A vaccine preventable infection

Identification & Definition

Diphtheria comes from the Greek word diphtheria, meaning leather hide. The naming becomes apparent once the disease takes hold. Once a serious threat to the lives of children, antitoxins and vaccinations have virtually diminished the risk of contracting Diphtheria in industrialized countries. About 4,000 cases are reported around the world each year, but many more cases are thought to go unreported.

History of Diphtheria

Diphtheria is an ancient disease, dating back as early as the 5th century. In the 1930s, diphtheria was among the top 3 causes of death in children up to age 15 in the United Kingdom. About one half of all people who contracted the infection died from it. The prevalence of diphtheria reduced dramatically in the industrialized world when the vaccine was routinely administered in the 1940s.

Signs & Symptoms of Diphtheria

The incubation period for this infection ranges from 1-10 days, but is typically about 2-5 days.

Diphtheria symptoms start out similar to the common cold or sore throat. These symptoms include:

  • Weakness
  • Fever
  • Sore throat
  • Swollen glands in the neck
  • Fever

Within two to three days, a thick, grayish membrane will appear on the back of the throat or nose, making it very difficult to breath. This membrane can build up on many wet, mucous membranes of the body, including:

  • Nasal tissues
  • Tonsils
  • Voice box
  • Throat

Transmission of Diphtheria

The diphtheria infection is caused by a bacteria, Corynebacterium diphtheria. Only strains of this bacteria infected by a specific virus carrying the genetic information for the toxin will cause sever infections. This infectious bacteria is usually spread from person to person through droplets from sneezing and coughing or touching an object that has the droplets on it. There have been very few cases of transmission through coming into contact will discharges from an infected person's skin lesions.
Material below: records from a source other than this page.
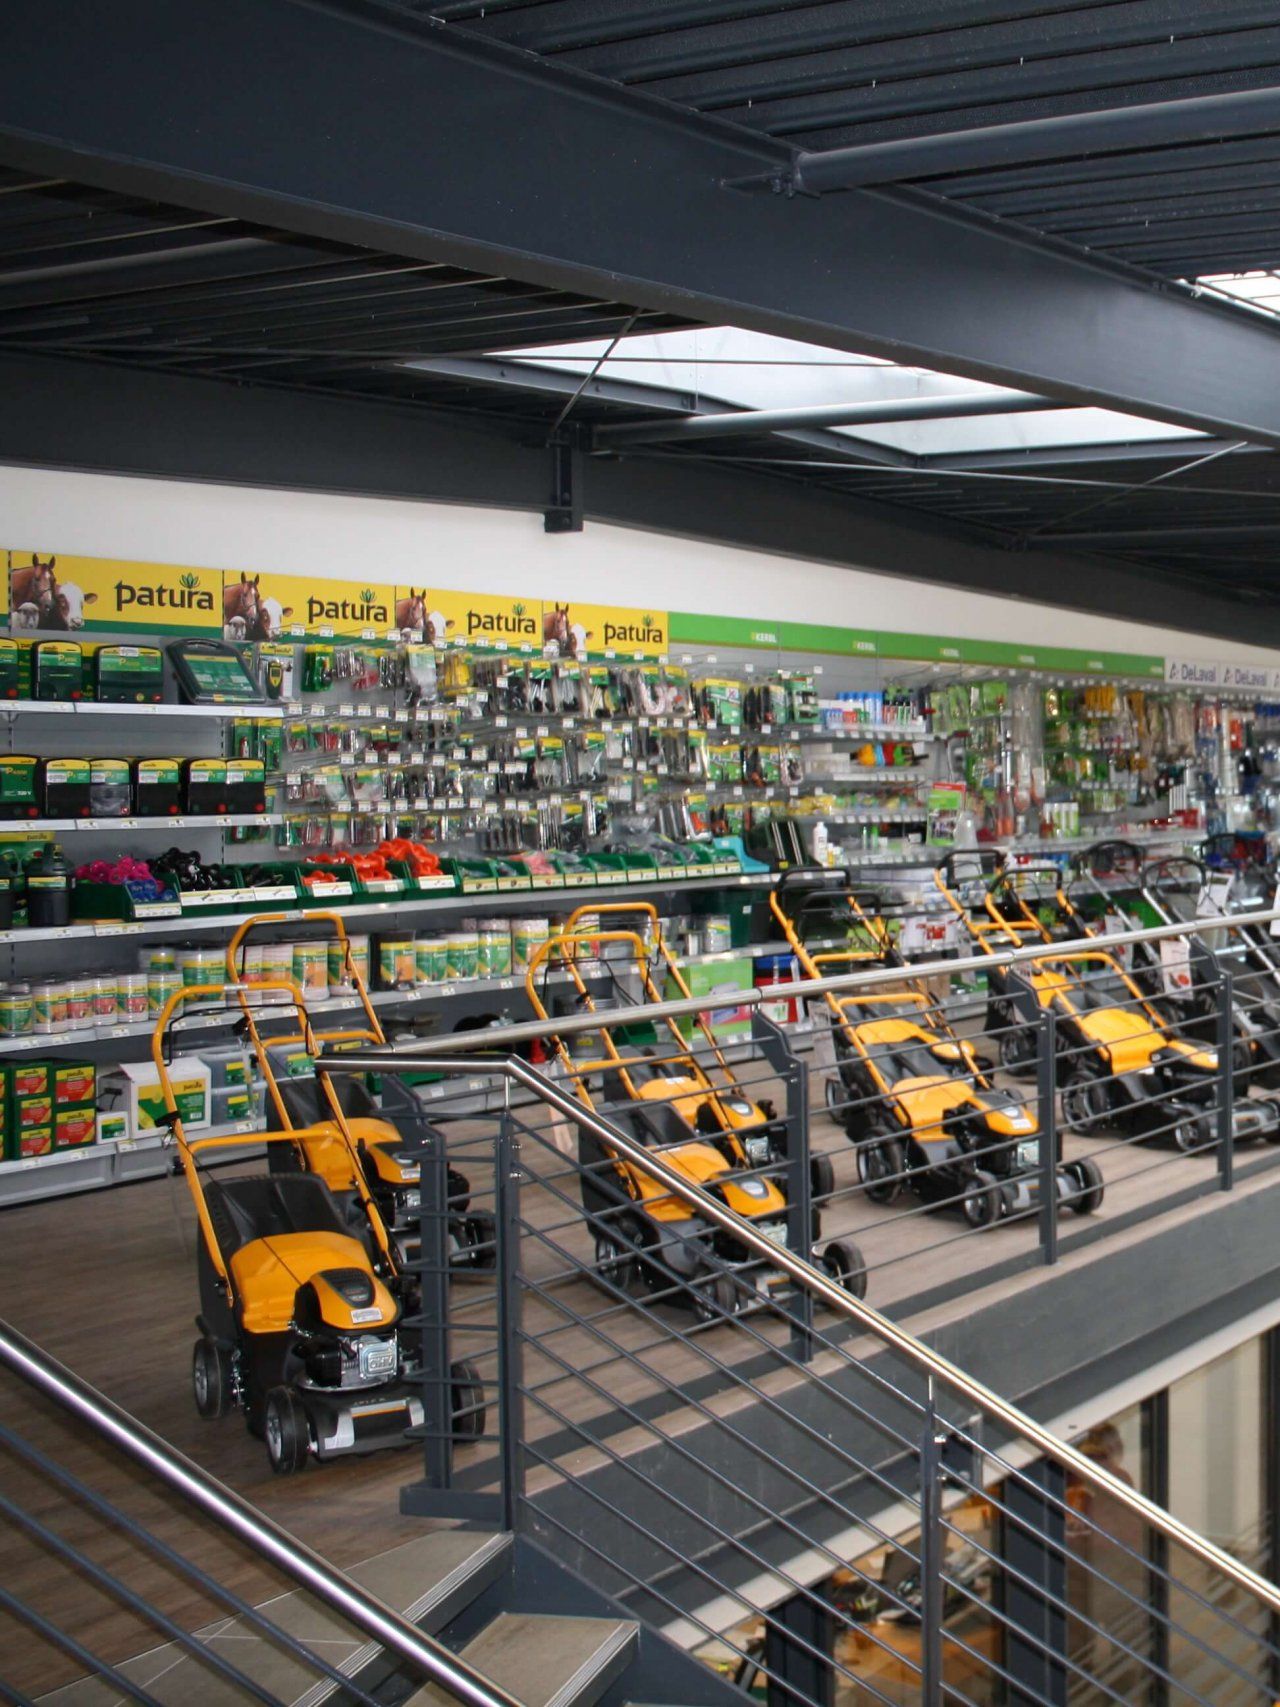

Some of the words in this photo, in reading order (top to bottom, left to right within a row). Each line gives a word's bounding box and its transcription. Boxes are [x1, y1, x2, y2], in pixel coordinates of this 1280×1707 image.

[114, 580, 214, 611] patura
[307, 595, 388, 624] patura
[466, 609, 536, 635] patura
[603, 622, 663, 645] patura
[1181, 663, 1217, 682] DeLaval
[1234, 667, 1267, 686] DeLaval
Complications of Diphtheria

The complications suffered from contracting diphtheria are caused by the toxin that the bacteria produces. When this toxin is absorbed into the bloodstream, it can affect organs and tissues far away from the actual site of the infection. Complications may include:

  • Blocking of airway
  • Skin lesions
  • Damage to the heart muscle (myocarditis - presented as abnormal cardiac rhythms)
  • Inflammation of nerves, which may cause nerve damage (polyneuropathy)
  • Paralysis
  • Lung infection (respiratory failure or pneumonia)
  • Death - about 1 in 10 people who get diphtheria will die from the infection or complications

Myocarditis may occur during the illness, but it is important to note that it can also occur weeks after the infection has been cleared up. Myocarditis is usually fatal if it occurs early in the illness.
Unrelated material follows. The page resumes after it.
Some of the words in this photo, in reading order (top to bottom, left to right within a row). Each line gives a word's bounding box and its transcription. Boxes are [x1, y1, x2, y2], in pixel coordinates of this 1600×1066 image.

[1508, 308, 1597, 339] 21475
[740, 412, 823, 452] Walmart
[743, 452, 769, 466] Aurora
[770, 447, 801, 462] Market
Around the third week of illness, paralysis of the soft palate is usually seen. After the fifth week, paralysis of the eye muscles, limbs, and diaphragm can occur. If there is diaphragmatic paralysis, secondary pneumonia and respiratory failure may also be seen.

Recommended Control Measures for Diphtheria

The current method for treating a suspected case of diphtheria is to immediately start taking the specific antitoxin developed to combat the toxin produced by the bacteria, while also starting antibiotics to kill the diphtheria bacteria, and isolate the patient for 48 hours once the first doses have been taken. These treatments are started before the lab results come back testing the swabs taken from the suspected infectious patient. Thankfully, most people in developed countries do not experience treating the infection because they have been vaccinated with the four vaccinations combos that protect them from diphtheria. This illness is still common in tropical climates around the world, including Indonesia, Thailand, and Laos.